Coming into the Guild, the audience sees the stage lined in deep red curtains. On both sides of the stage, tall shelves were stacked with a diverse range of household objects and knickknacks. They’re taller than I am!–though that’s not a particularly difficult feat (I’m 5’3”). The shelves resemble the intricate maze of a stockshop from a professional theatre company or that of a grandmother’s well-stocked kitchenette. There is also a table. It’s a rather nice table. This table sits centre downstage with a simple cardboard sign. The sign notes the name of the play we are about to see performed with the chosen objects alongside it. In spite of my horrendous eyesight, I can make out a neat selection including but not limited to cleaning products and a lone moka pot. The performer, Jerry Killick, is already onstage. The choice of having a performer onstage can no longer, for the most part, be considered a subversive choice. Yet, while Killick scans the shelves, posture languid–no opening night jitters here–I can’t help but wonder if this choice serves to inspire the same introspection that Killick himself seems to represent, standing alone on the Guild’s black floors.    

Once the performance starts, it is clear that this is no epic tragedy nor comedy. Tabletop serves what is essentially a delightful recap of Coriolanus, made all the more pleasant with the use of household items. Killick is soft-spoken yet somehow also possessing an oratorical style that is as clear as one of the glasses he uses as a prop. In a lesser performance, these directorial choices would come across as the type of ASMR podcast that makes the hairs on the back of my neck stand up. Instead, it is a careful, rehearsed sequence of shifting spray bottles and coffee pots, accompanied by Killick’s warm delivery. “There’s nothing a plebeian likes more than a story” our narrator tells us, and indeed, myself and the other plebs in the audience enjoy the story thoroughly. Translated into Australian English, the words and the choice of objects work on a masterful dramaturgical scale. Coriolanus, the famed Roman general with a deep distaste for the common folk, is depicted as a rusted trophy: signifying his trajectory towards what will become a corroded legacy, his military success leading not to glory but to further disdain. The characters around him are depicted with similar semiotic finesse: his overbearing mother, a massive coffee pot; his opponent, a bleach bottle; the plebeians who defend their position, little matchboxes. These choices are further supplemented by careful blocking. Each move the performer makes is calculated, careful. Each character is defined, even in household form. It makes for an engaging if not quaint show. 

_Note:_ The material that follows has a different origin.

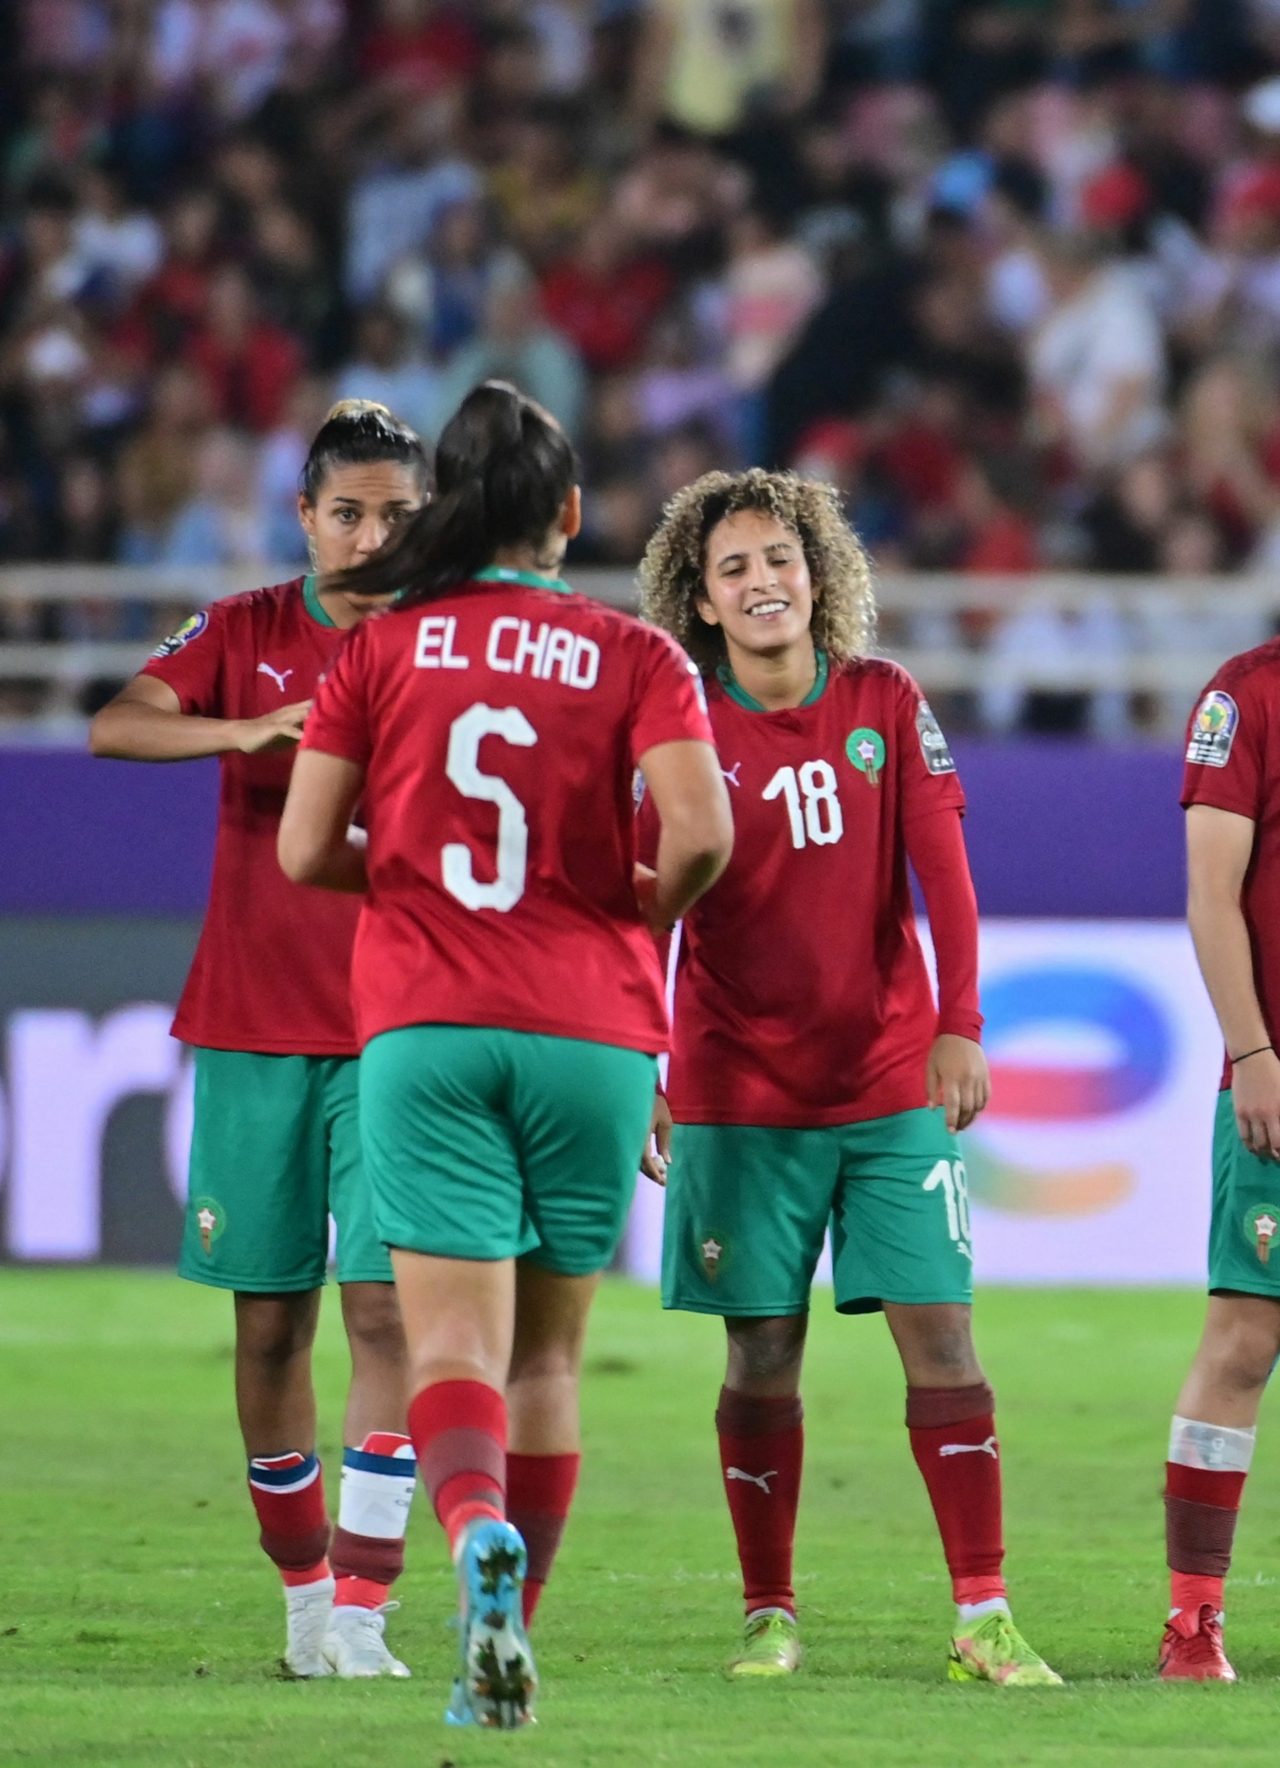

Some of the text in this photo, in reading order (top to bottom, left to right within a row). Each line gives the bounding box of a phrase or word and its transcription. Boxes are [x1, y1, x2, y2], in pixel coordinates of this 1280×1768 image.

My only problem with Tabletop is its choice of venue. Granted, I’m not totally privy to the inner politics nor the administrative machinations that go into professional venues but upon leaving the show, I could only describe my feelings as wishful. The experimental ethos of the show lay in its simplicity. With only one performer and a bunch of household items, the intimate nature of the show, dare I say, demanded an equally intimate venue.  Everyone in student theatre has a love-hate relationship with the Guild. For one, it is a black box theatre that is blue. Blue, I tell you! Ridiculous. It can fit up to one-hundred-and-seven patrons, last time I checked. For what is meant to be a black box, the Guild is quite spacious, formal even. I felt that Tabletop would have matched its atmosphere with a smaller space, a nice quaint (actually black) blackbox. 

Nevertheless, all’s well that ends well as the Bard says and overall, it was an enjoyable show.